[Your goal] Everything from the line containing "this 1920×1440 image." to the final line of the records below should be given again exactly, and nothing else.
Stored data START
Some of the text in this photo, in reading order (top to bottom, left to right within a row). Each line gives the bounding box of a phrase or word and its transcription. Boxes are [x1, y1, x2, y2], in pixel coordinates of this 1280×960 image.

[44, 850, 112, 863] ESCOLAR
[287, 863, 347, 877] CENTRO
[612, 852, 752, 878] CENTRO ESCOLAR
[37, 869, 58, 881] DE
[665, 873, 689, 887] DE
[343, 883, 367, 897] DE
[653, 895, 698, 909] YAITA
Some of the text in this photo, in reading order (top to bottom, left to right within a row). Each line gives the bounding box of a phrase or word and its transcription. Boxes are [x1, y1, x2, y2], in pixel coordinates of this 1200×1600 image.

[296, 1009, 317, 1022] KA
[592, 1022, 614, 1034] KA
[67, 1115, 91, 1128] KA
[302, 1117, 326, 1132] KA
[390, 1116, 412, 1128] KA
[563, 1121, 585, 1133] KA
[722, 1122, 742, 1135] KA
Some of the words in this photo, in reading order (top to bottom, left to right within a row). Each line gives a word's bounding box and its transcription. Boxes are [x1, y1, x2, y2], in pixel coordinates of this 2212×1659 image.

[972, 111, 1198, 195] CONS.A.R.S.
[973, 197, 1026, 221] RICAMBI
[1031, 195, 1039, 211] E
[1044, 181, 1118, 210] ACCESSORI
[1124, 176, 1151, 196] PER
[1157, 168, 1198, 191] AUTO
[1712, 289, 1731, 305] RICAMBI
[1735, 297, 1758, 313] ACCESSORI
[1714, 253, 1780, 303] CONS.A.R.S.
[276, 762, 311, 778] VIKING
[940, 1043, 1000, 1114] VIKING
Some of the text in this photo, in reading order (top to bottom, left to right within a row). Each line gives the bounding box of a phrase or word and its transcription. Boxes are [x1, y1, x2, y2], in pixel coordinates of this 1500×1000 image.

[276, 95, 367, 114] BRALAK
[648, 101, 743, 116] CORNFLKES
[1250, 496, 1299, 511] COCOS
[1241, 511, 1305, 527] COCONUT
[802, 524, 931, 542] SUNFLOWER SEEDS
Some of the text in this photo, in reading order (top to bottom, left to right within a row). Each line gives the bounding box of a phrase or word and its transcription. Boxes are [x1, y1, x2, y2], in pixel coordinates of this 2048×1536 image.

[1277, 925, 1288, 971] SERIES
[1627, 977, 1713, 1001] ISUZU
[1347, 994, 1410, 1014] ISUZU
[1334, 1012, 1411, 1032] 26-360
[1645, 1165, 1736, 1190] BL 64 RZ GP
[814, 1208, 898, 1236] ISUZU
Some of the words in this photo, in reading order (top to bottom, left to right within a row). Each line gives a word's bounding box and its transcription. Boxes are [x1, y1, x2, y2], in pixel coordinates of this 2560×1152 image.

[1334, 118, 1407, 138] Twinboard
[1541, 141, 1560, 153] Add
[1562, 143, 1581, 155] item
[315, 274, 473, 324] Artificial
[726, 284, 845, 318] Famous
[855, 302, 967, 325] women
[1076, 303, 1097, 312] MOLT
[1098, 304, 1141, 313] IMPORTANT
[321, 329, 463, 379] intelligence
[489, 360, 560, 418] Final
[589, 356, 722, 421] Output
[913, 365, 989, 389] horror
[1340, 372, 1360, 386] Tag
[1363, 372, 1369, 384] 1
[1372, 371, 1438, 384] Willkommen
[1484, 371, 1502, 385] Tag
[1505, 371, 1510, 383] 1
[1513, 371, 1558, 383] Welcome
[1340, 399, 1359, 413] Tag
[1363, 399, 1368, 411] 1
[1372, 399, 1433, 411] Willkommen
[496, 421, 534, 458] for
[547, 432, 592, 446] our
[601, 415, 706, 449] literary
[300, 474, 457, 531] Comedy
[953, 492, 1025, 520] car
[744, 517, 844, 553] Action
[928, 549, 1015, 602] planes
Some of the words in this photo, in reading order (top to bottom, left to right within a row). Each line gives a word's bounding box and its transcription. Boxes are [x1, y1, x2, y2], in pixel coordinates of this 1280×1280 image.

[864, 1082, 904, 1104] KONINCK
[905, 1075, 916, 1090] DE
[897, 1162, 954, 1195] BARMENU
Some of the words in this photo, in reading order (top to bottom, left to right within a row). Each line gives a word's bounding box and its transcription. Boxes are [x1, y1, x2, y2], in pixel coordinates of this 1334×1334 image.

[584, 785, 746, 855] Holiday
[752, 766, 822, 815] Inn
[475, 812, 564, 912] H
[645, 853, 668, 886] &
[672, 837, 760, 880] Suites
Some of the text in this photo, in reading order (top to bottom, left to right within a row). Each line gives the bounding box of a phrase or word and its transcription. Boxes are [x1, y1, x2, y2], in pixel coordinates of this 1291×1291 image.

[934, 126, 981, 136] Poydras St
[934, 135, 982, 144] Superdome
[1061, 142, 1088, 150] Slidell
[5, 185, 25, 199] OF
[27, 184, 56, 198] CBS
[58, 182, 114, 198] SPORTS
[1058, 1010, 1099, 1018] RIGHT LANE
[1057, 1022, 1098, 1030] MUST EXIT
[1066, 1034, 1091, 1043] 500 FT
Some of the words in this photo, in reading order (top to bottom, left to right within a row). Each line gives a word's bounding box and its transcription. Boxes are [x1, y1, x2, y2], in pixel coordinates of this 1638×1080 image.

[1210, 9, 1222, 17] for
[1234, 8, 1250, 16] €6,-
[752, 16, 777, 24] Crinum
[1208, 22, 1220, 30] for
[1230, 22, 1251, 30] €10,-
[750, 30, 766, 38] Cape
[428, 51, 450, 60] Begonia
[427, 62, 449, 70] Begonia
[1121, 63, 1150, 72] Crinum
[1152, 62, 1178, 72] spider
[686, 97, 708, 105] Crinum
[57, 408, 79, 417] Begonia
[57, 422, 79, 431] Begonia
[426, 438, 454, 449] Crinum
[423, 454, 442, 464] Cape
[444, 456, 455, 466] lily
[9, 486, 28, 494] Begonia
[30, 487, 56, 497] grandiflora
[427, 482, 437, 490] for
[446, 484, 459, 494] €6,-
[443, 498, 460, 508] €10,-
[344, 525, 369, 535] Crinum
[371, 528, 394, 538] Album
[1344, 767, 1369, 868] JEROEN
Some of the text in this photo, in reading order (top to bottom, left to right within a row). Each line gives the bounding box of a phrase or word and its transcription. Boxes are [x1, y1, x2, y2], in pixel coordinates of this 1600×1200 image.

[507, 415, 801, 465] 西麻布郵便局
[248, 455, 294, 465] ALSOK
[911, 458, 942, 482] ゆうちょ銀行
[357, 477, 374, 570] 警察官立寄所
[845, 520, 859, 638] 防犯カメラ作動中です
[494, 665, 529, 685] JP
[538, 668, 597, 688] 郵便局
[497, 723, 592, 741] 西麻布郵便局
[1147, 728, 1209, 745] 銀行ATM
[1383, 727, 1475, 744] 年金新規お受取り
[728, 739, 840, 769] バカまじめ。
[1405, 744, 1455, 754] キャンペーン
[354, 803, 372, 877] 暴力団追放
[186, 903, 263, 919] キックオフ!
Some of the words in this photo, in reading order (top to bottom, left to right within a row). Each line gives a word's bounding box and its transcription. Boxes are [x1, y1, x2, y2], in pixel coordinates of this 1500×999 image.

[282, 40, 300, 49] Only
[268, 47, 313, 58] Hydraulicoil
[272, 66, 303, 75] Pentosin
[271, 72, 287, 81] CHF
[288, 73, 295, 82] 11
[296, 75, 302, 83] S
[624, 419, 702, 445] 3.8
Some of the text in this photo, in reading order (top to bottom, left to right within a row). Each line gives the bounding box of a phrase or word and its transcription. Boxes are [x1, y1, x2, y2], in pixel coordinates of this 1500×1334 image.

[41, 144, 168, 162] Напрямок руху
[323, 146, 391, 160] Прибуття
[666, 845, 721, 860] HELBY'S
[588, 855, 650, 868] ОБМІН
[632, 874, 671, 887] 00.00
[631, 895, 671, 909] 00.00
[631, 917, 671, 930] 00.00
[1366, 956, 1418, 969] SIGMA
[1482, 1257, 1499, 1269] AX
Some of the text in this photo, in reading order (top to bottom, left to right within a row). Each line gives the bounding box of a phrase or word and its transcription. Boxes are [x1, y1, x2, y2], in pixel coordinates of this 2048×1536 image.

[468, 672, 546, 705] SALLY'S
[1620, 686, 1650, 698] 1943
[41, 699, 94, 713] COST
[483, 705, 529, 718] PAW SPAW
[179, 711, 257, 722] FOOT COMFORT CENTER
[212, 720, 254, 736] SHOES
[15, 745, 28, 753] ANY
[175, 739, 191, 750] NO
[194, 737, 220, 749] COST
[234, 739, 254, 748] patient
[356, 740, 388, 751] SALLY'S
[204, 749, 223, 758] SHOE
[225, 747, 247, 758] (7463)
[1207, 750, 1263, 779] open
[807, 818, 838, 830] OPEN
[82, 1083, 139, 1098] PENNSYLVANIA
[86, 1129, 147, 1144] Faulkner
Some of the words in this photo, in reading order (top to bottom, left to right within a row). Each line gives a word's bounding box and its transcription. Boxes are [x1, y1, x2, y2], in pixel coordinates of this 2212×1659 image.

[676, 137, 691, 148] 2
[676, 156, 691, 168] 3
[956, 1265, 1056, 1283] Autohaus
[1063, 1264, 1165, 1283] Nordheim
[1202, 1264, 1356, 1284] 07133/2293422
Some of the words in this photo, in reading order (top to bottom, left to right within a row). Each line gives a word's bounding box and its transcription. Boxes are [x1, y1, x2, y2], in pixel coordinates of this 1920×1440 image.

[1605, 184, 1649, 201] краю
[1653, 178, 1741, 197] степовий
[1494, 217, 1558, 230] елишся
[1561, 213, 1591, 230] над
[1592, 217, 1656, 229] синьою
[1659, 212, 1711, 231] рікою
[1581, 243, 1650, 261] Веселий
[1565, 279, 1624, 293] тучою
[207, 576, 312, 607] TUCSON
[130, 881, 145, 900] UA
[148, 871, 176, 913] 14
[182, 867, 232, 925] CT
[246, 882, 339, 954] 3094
Stored data END
[Your response]
Some of the words in this photo, in reading order (top to bottom, left to right within a row). Each line gives a word's bounding box and its transcription. Boxes are [x1, y1, x2, y2], in pixel coordinates of this 1920×1440 image.

[1605, 184, 1649, 201] краю
[1653, 178, 1741, 197] степовий
[1494, 217, 1558, 230] елишся
[1561, 213, 1591, 230] над
[1592, 217, 1656, 229] синьою
[1659, 212, 1711, 231] рікою
[1581, 243, 1650, 261] Веселий
[1565, 279, 1624, 293] тучою
[207, 576, 312, 607] TUCSON
[130, 881, 145, 900] UA
[148, 871, 176, 913] 14
[182, 867, 232, 925] CT
[246, 882, 339, 954] 3094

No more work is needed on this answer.